We assume the title of the album is a humorous tribute to Brian Eno but nonetheless this is an excellent album mixing both rhythmic and wonderfully dark tracks, many running into one another. We start off with one of the dark ones, 'Occultation'. This is an extremely cosmic piece.
Dark crashes echo away into the vastness of space. These are joined by rising and falling electronic whooshes and various other tinkling / bleepy and even watery effects. The whole feel is very sparse and uncluttered, each sound being heard in isolation. In the thirteenth minute shimmering pads come in and we are immediately transported from foreboding darkness into the light. It is as if we are coming to the end of some nerve wracking journey and nearing the familiarity of home. Atmospheric music really doesn't get any better than this. An excellent 70s style very analogue sounding sequence propels 'Kopernikus' forwards. A more contemporary rhythm then enters complimenting the sequence perfectly. We chug along at a steady pace with lovely little melodic touches skipping from beat to beat. It's all so cool! We are back to the atmospherics for 'Geological Justice'. A drone, sounding like some vast engine or generator, provides a backing over which various spooky sounds warble and throb. Again this is quality stuff.

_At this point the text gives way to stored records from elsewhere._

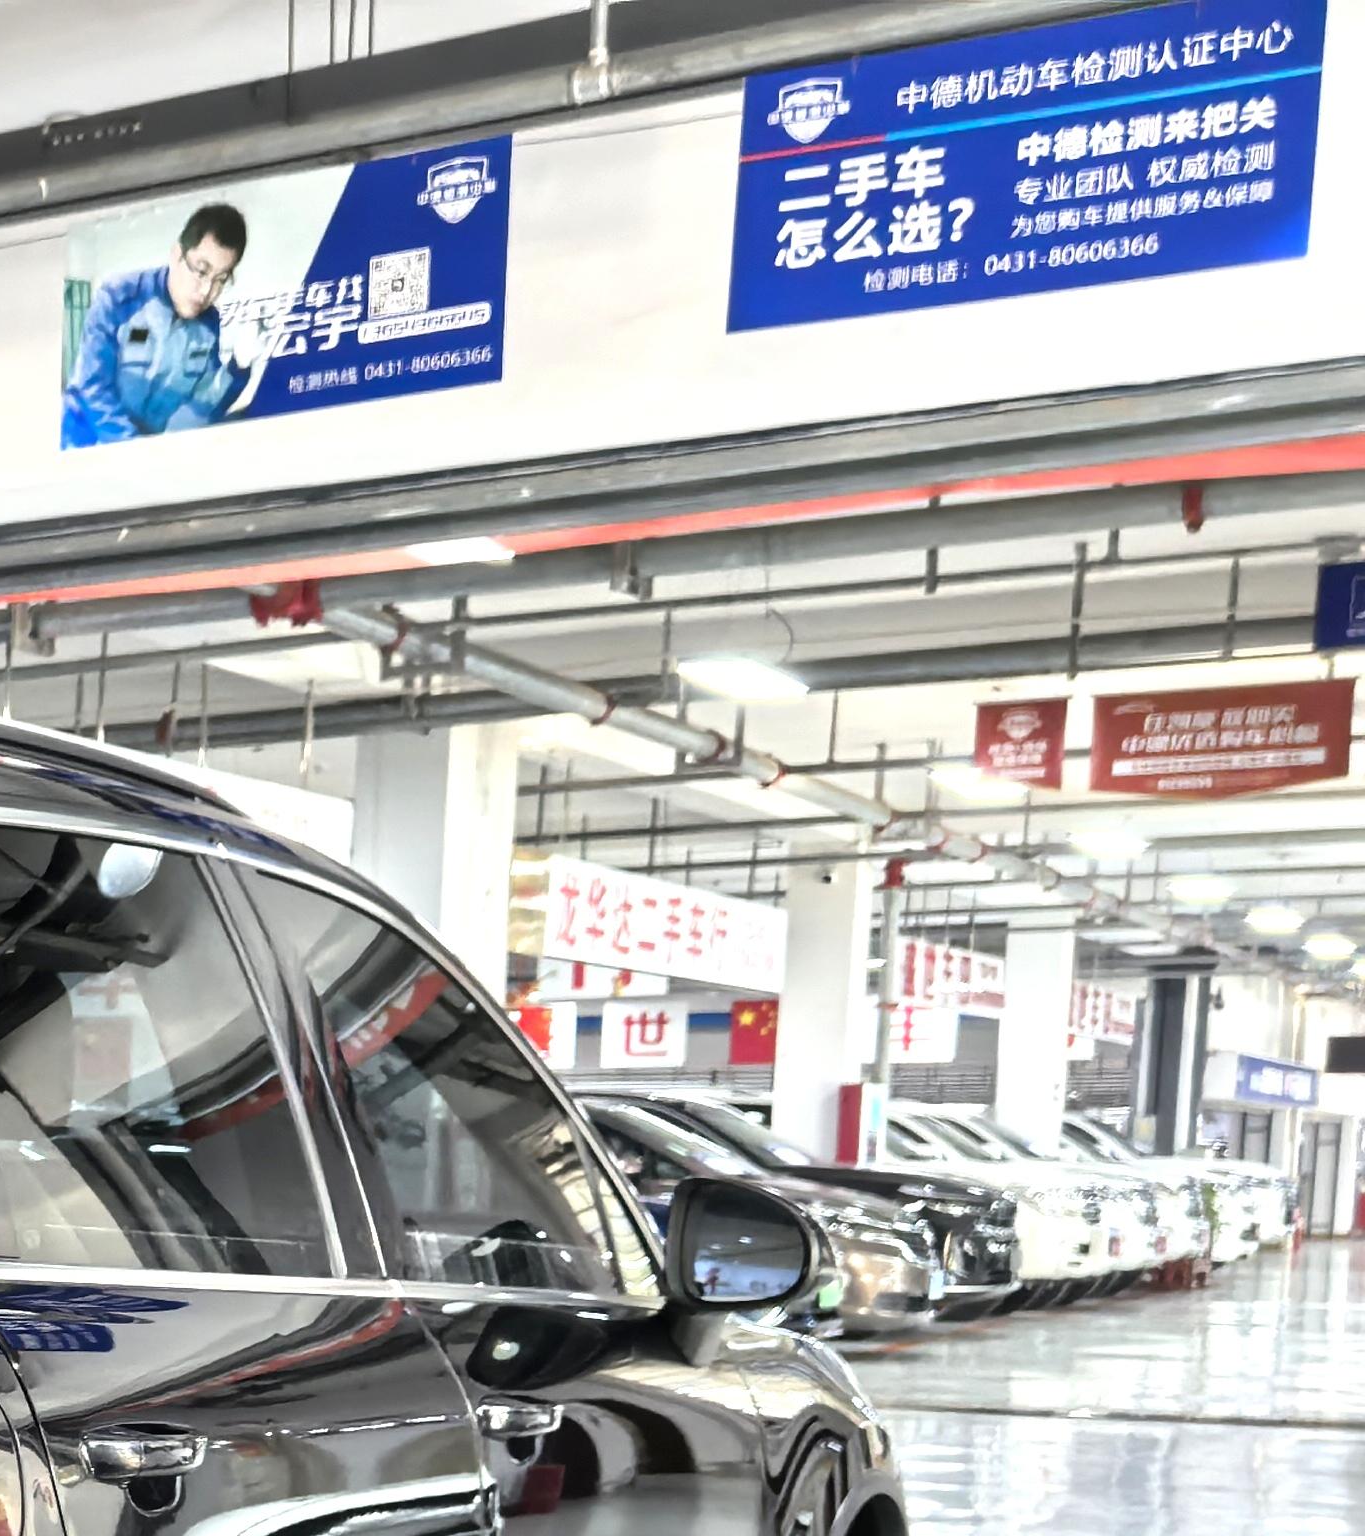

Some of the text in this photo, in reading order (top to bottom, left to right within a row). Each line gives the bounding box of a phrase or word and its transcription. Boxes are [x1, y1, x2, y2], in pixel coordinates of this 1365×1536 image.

[895, 19, 1294, 114] 中德机动车检测认证中心
[1015, 96, 1279, 168] 中德检测来把关
[776, 147, 948, 213] 二手车
[1013, 138, 1277, 206] 专业团队 权威检测
[983, 235, 1159, 279] 0431-80606366

'Terraforming' carries on in similar mood. Another sequence then starts up. This one has something of a menacing feel to it, the sinister mood being heightened by little percussive effects and half heard vocal samples. More pulsations are added but all then subsides to atmospherics in time for 'The Steer'. Things get eerier and eerier. All areas of the sound spectrum are used from bass so deep you can feel it rather than hear it and twittering runs that start low then become so high they are almost shrieking. A deep throb pulses out at the beginning of 'Dazzling Shadow'. Subtle rhythm comes in creating quite a moody atmosphere. 'Microcolony' is another syncopated number mixing interesting loops and beats. Things get even better after the half way mark as a sequence is deployed alongside the existing rhythm. The first minute of 'The Launch' features some narrative imagining what it must be like to be a bug on the top of a rocket during take off with appropriate sound effects in the background! We then get some cosmic bits as presumably the poor old insect finds itself in space.
'Talisman' mixes dark drones, percussion and solar winds to create yet another extremely moody soundscape. Gentle, deep flute gives proceedings a slightly Easter feel. This feeling is heightened in the fourth minute when some slow, almost funereal, rhythm is added. Plucked string melodies impart that little bit of detail here and there. This is a very different album to 'Sky Archeology' and 'Cyberiad' being much more atmospheric with a rather mean attitude but like those albums it just oozes class.